A Scion Society of The Baker Street Irregulars
Sherlock Holmes and Dick Tracy
“… the great detective.”
– The Adventure of the Mazarin Stone (MAZA)
When your editor was much younger, one of the joys of his childhood was running down to our family’s living room on Sunday mornings. While Mom would be making breakfast of pancakes for Dad and me, I would spread out the sections of The Baltimore Sun over the living floor, dividing the sections of the newspaper into piles for Dad to read and what I wanted to read. Somehow, the comics section would be in my pile and I would eagerly turn to the back page to read Dick Tracy and see the color version to see how the detective would catch the next set of bad guys.
Dick Tracy was created in 1931 by Chester Gould, who would continue to draw the strip until he retired in 1977. A number of different artists and writers have continued the strip since. It is currently being produced by Joe Staton and Mike Curtis.
We’ve touched on Tracy before and his syndicated television episodes of the 1960’s, where he was teamed up with Hemlock Holmes. You can read those posts HERE and HERE.
The current story arc for the Dick Tracy strip started on July 5, 2016. Starting with the July 23, 2016 edition of the Dick Tracy comic strip, we start seeing an homage being paid to Sherlock Holmes by the strip’s creators. As I write this post, there are still references to Holmes being made.

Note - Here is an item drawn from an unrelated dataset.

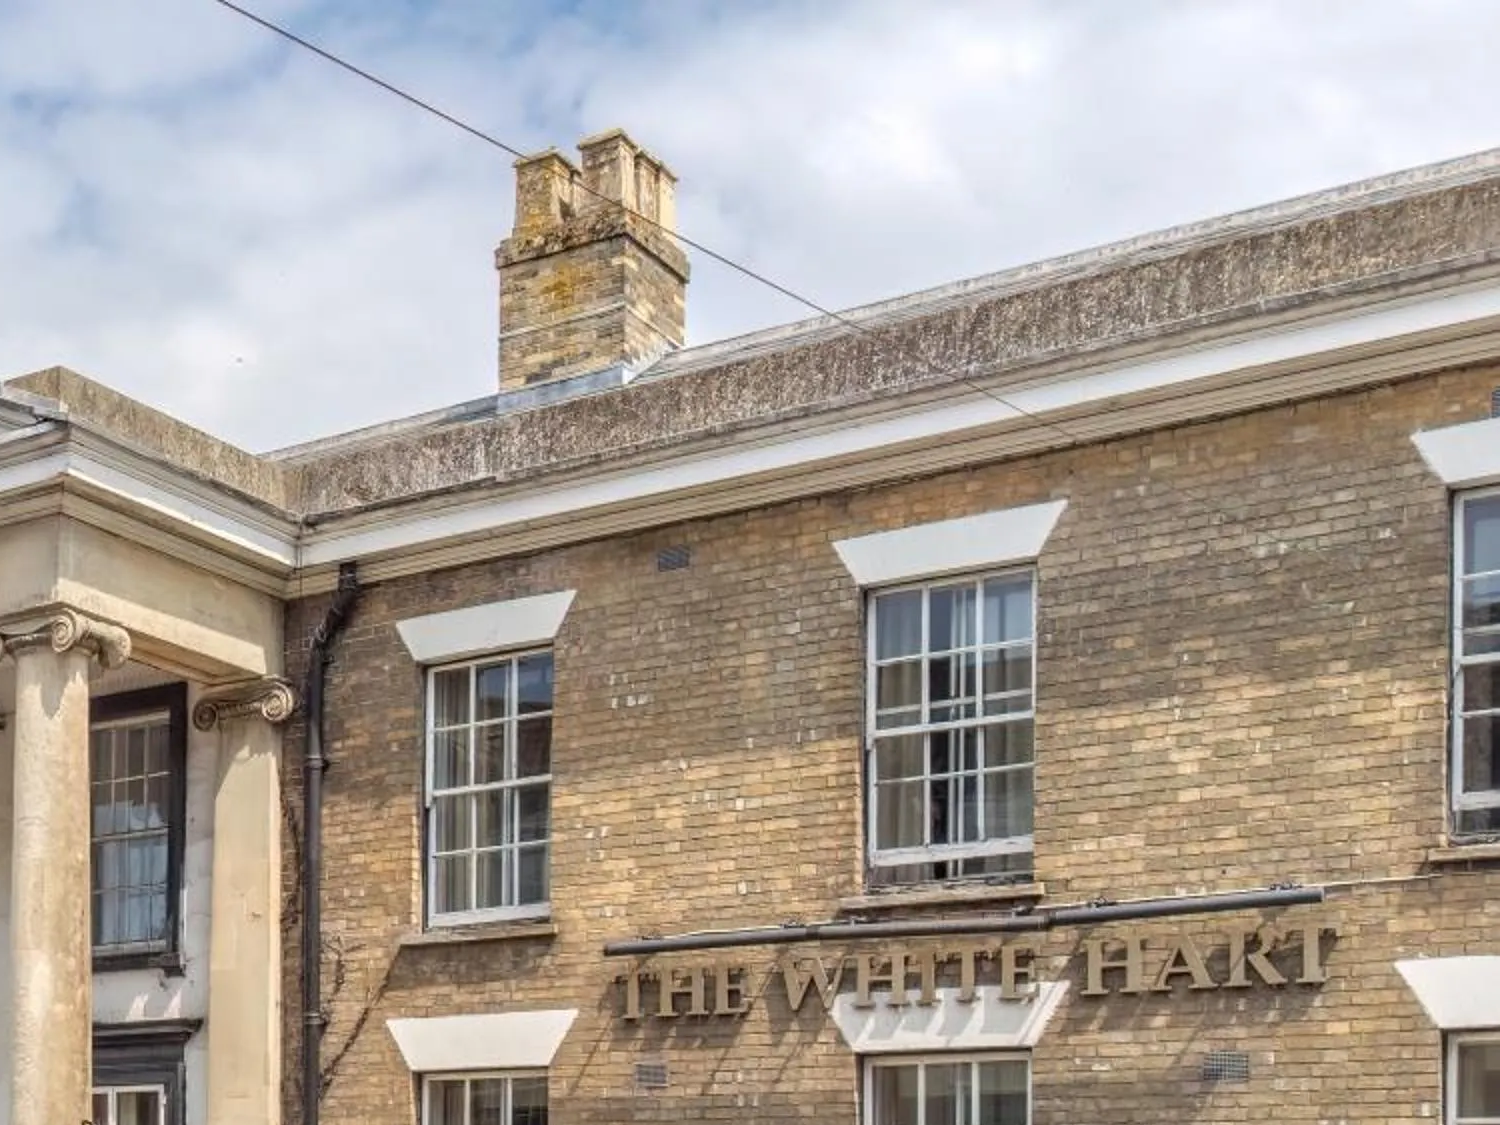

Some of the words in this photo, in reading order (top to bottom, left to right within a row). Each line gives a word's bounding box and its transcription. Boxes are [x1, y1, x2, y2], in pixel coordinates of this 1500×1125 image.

[616, 965, 749, 1020] THE
[777, 944, 1041, 1011] WHITE
[1080, 926, 1340, 996] HART

In June 1990, Warren Beatty and Madonna would star in a big budget film version of Dick Tracy. It wasn’t a great film, but did well at the box office. There was a massive promotion campaign for the movie, with a large number of toys, graphic novels, books and marketing tie-ins. They also decided to produce three silver one ounce medals to promote the movie.
There would be three different designs for the obverses: the first feature Mugs’N’Thugs, showing many of the villains that fought Tracy over the years; the second features Warren Beatty as Tracy talking on his two-way wrist radio; and the third design features Madonna as Breathless Mahoney. All three of these medals would share a common reverse, featuring the silhouette of Tracy, facing left, and carrying the Disney copyright and info about the medal’s intrinsic values.
Thanks to Patricia J. Villacrusis of Watson’s Tin Box and the Sherlockians of Baltimore for sharing this news item with us.